I left my camera-phone in the car.   Major fail.  Typical.

However, that did not prevent us from having a great time looking at some wonderful textile and art work.

First stop was Stroud College where the SIT weaving symposium was in full swing in one of the lecture rooms.  We had a look at the books for sale in the foyer and I have now put Hand Stitch, Perspectives by Alice Kettle and Jane McKeating on my Amazon wishlist.  Also on display here was a small collection of very well executed recent work by fashion and textiles students at the college.

We then went along to the Museum in the Park where we found:

  • tapestries by Hillu Liebelt – my favorite was Chasing the Summer (2011), a bold, blue and red, large, horizontal panel in silk, rayon, cotton and bamboo fibre.
  • a hand dyed and woven paper piece specially commissioned for the site by Japanese artist Seiko Kinoshita English Summer Fields Soundscape: Sound of weaving.
  • Mother Love by Ingrid Hesling and Jenni Dutton – two artists’ interpretations of the relationships between mother and daughter using traditional techniques in an unusual way.  Jenni Dutton was observing her mother over the time she was suffering with dementia and produced The Dementia Darnings, a series of large portraits of her mother, some reproduced from family photographs and all made using tapestry wool and other yarns through fine net fabric.  Close up you can see how the artist has blended the yarns to produce the required colours, very similar to the work of Cayce Zavaglia who uses stitch in a painterly way.  Ingrid Hesling’s work A Stitch in Time incorporates embroidery on vintage linens that the artist found after the death of her mother.  She explores her complicated and sometimes difficult relationship with her mother in a series of embroideries that also incorporate photographic images.
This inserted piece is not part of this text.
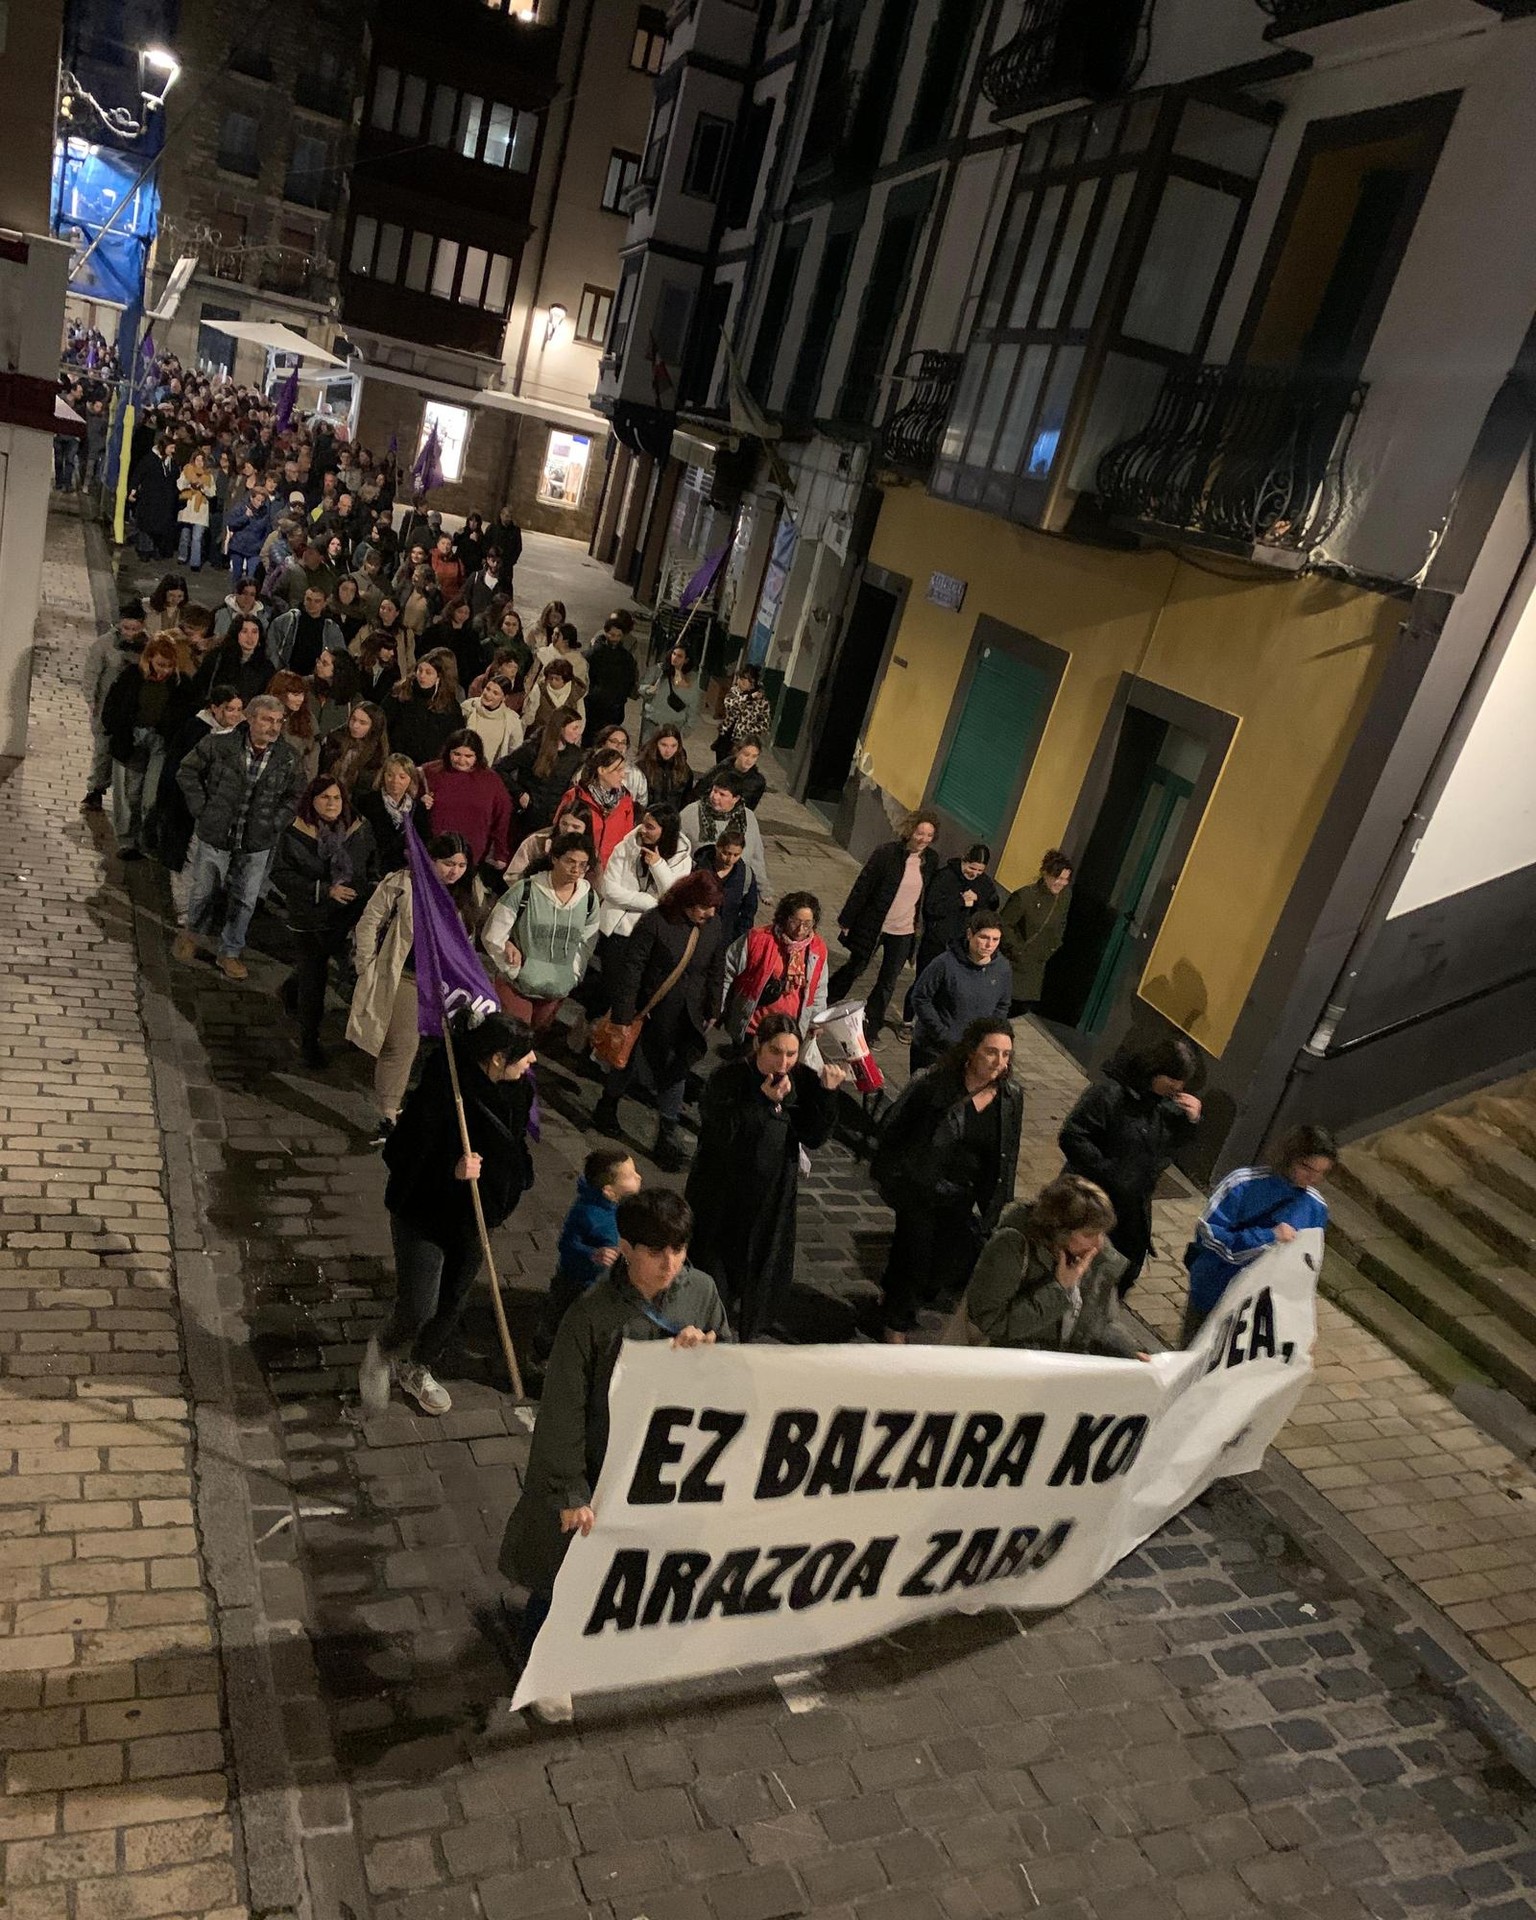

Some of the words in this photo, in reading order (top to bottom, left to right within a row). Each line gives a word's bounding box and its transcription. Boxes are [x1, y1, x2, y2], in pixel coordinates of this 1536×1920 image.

Brunel Broderers exhibition Suited was at the Lansdown Hall and Gallery.  Hobbs tailors abandoned their shop some years ago and then recently offered access to the Broderers who used the fabrics, haberdashery and notions to inspire their work for this show.  Tailoring techniques and luxury woollen and silk fabrics are used in novel ways.  Of particular interest to me were the artist’s sketchbooks which are available for visitors to view.

We went on to look around the Studio Seven textile workshop at Stroud Valleys Artspace open studios where we found work by Francesca Chalk, Sarah Jenner, Anne Rogers, Kathryn Clarke, Corinne Hockley, Jenny Bicat and Liz Lippiatt.  I especially enjoyed Corinne Hockley’s theatrical costume pieces and the gorgeously coloured devore prints by Liz Lippiatt.  Also at SVA we saw Zoe Heath‘s beautiful, intricate books and small scale artworks made from found objects.

Later we found ourselves at The Weaving Shed where Sally Hampson, artist and weaver occupies a disused shop in Stroud High Street, a residency assisted by SVA, and engages with visitors in the process of weaving.  Looms are available ready set up for introduction to weaving workshops where students learn to experiment with techniques, yarns and fabrics.

On the way home we stopped off at Frogmarsh Mill in South Woodchester where more artists work was on display as part of the open studios event.  Cleo Mussi‘s colourful and quirky mosaics feature old ceramics and found objects to make wall plaques.  We also saw Fiona Hesketh’s delicate jewellery, Annie Hewitt’s glowing cobalt decorated earthenware tableware and Jacqueline Kroft’s fair trade hand knitted clothing.  Finally we chatted with Jennifer Whiskerd, artist and printmaker who has also been an OCA tutor, and enjoyed looking at her woodcut prints based on the antics of the local wildlife.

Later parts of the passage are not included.